Install does not silently download a model.

Interactive picker:

```bash
bash install.sh --pick-embedder
```

Manual hydration:

```bash
hf download mradermacher/F2LLM-v2-0.6B-GGUF F2LLM-v2-0.6B.Q4_K_M.gguf
hf download mradermacher/F2LLM-v2-1.7B-GGUF F2LLM-v2-1.7B.Q4_K_M.gguf
hf download mradermacher/F2LLM-v2-1.7B-GGUF F2LLM-v2-1.7B.Q6_K.gguf
```

Lookup paths:

- `AICX_HF_CACHE`
- `HUGGINGFACE_HUB_CACHE`
- `HF_HUB_CACHE`
- `HF_HOME/hub`
- `~/.cache/huggingface/hub`
- `~/.aicx/embeddings`
- `~/.aicx/embeddings/hub`

## Relationship To Roost/Rust-Memex

Do not conflate config planes:

- `~/.aicx/embedder.toml` controls AICX local embeddings.
- `RUST_MEMEX_CONFIG` / `~/.rmcp-servers/rust-memex/config.toml` controls the
  Roost/rust-memex retrieval plane.

AICX local embeddings are enough for portable steering and lightweight local
retrieval.
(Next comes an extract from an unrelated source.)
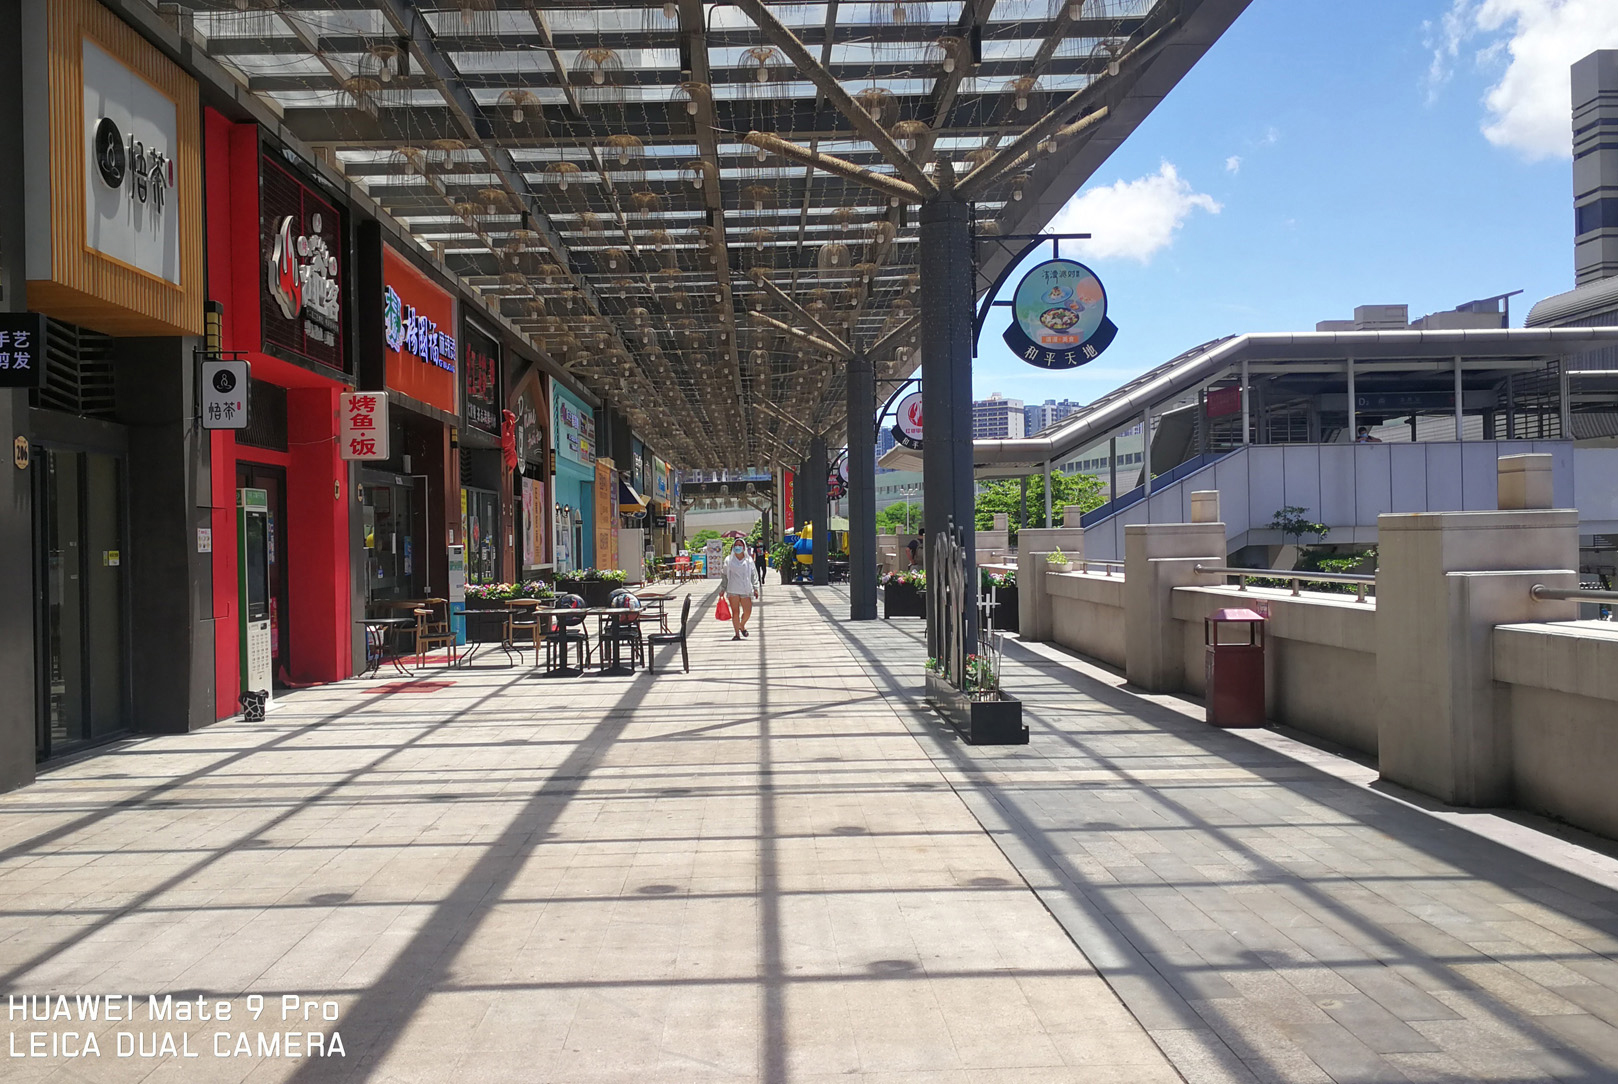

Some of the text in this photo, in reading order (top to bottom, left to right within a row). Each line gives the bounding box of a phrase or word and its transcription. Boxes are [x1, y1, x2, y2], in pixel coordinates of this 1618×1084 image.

Roost/rust-memex is still the right home for premium retrieval,
operator settings, alternate providers, and larger indexing pipelines.

## Testing

```bash
cargo test -p aicx-embeddings
cargo test -p aicx-embeddings --features gguf
cargo test -p aicx --features native-embedder --test native_embedder
```

The integration test self-skips when the configured GGUF model is not present
in the local cache, so the command is safe on clean CI runners.

## Credits

CodeScribe proved the in-process local model shape is comfortable in Rust.
AICX keeps that architectural lesson but switches the production model format
to GGUF because quantized F2LLM is the sharper distribution path here.